CYP2D6, a cytochrome P450 isoform, significantly contributes to the metabolism of many clinically important drugs. Thioridazine (THD) is one of the phenothiazine-type antipsychotics, which exhibit dopamine D2 antagonistic activity. THD shows characteristic metabolic profiles compared to other phenothiazine-type antipsychotics such as chlorpromazine. The sulfur atom attached to the phenothiazine ring is preferentially oxidized mainly by CYP2D6, that is, the 2-sulfoxide is a major metabolite, and interestingly this metabolite shows more potent activity against dopamine D2 receptors than THD. On the other hand, the formation of this metabolite causes many serious problems for its clinical use.

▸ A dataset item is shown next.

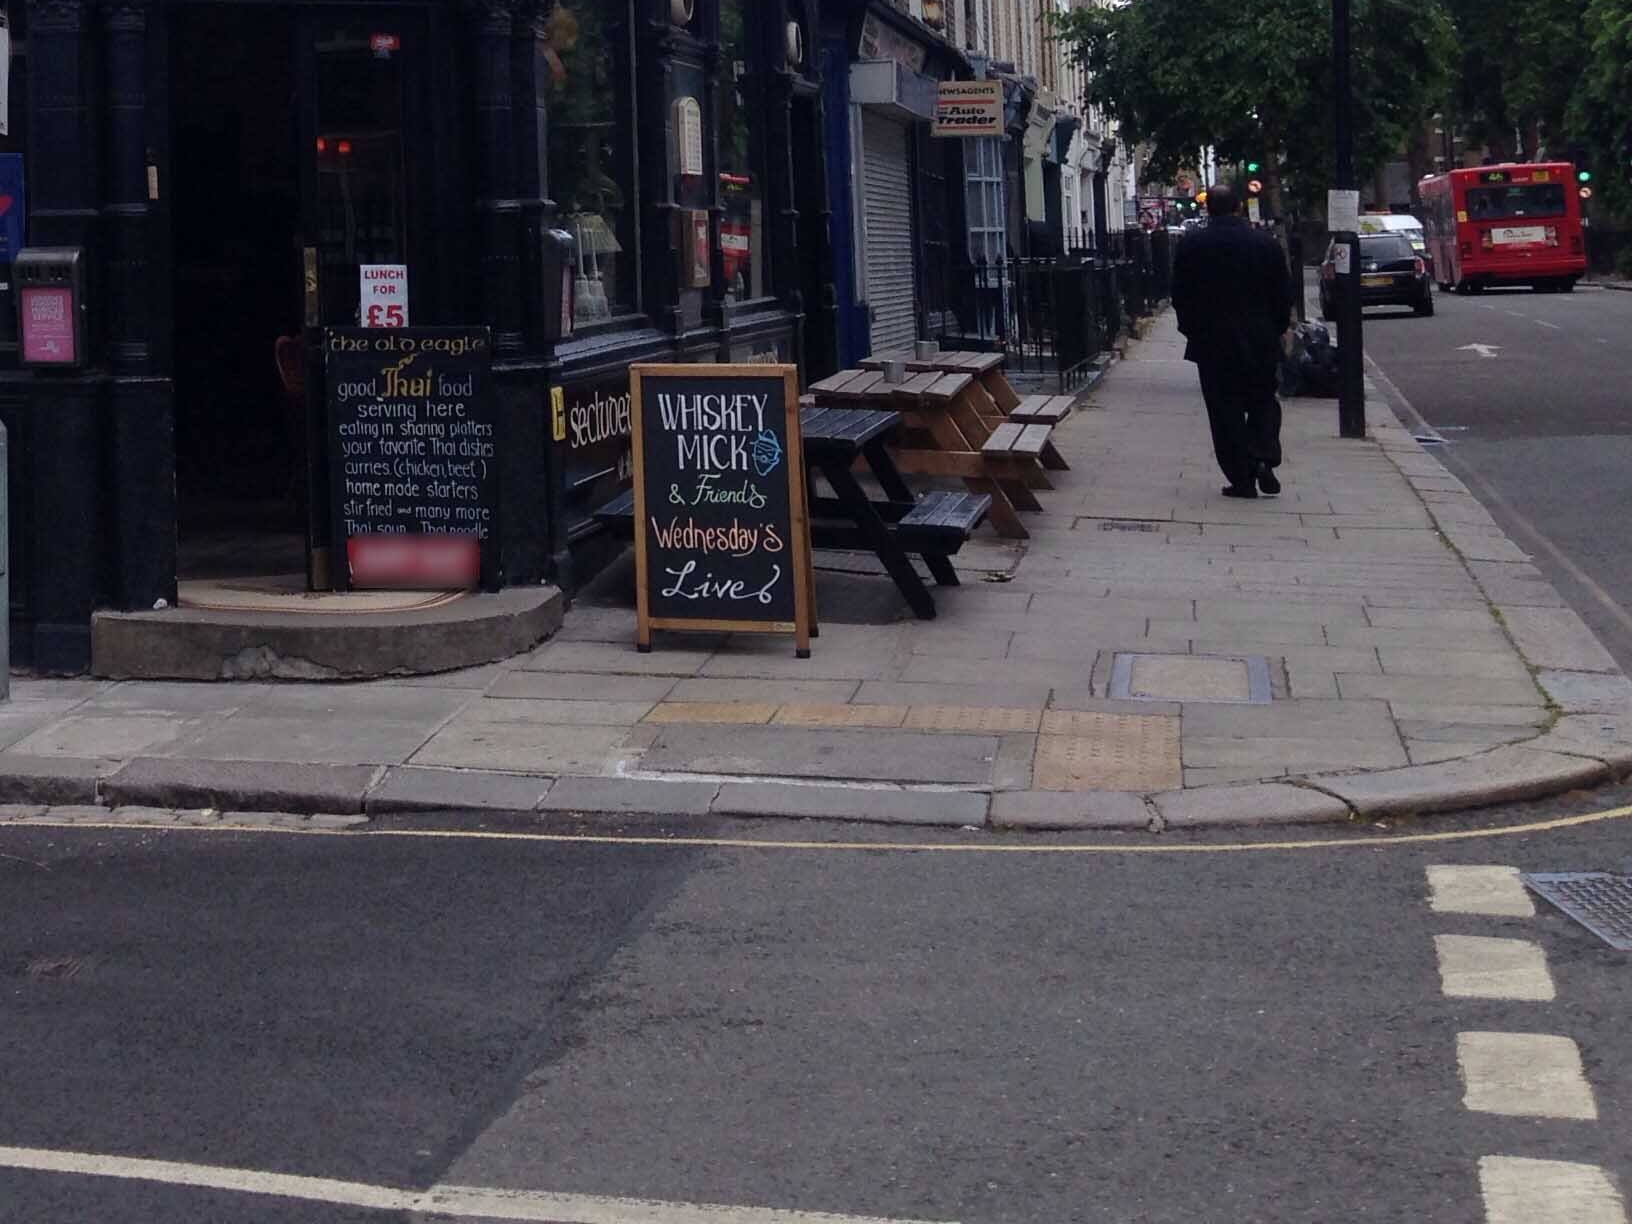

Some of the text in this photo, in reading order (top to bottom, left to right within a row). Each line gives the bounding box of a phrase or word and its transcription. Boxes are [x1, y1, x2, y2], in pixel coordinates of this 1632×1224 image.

Wójcikowski et al. (Drug Metab. Dispos. 2006, 34, 471) reported a kinetic study of THD formed by CYP2D6. Recently, Wang et al. (J. Biol. Chem. 2012, 287, 10834 and J. Biol. Chem. 2015, 290, 5092) revealed the crystallographic structure of THD with CYP2D6. In the current study, the binding and reaction mechanisms at the atomic and electronic levels were computationally examined based on the assumption as to whether or not the different crystallographic binding poses correspond to the different metabolites. The binding and oxidative reaction steps in the whole metabolic process were investigated using molecular dynamics and density functional theory calculations, respectively. The current study demonstrated the essential importance of the orientation of the substrate in the reaction center of CYP2D6 for the metabolic reaction.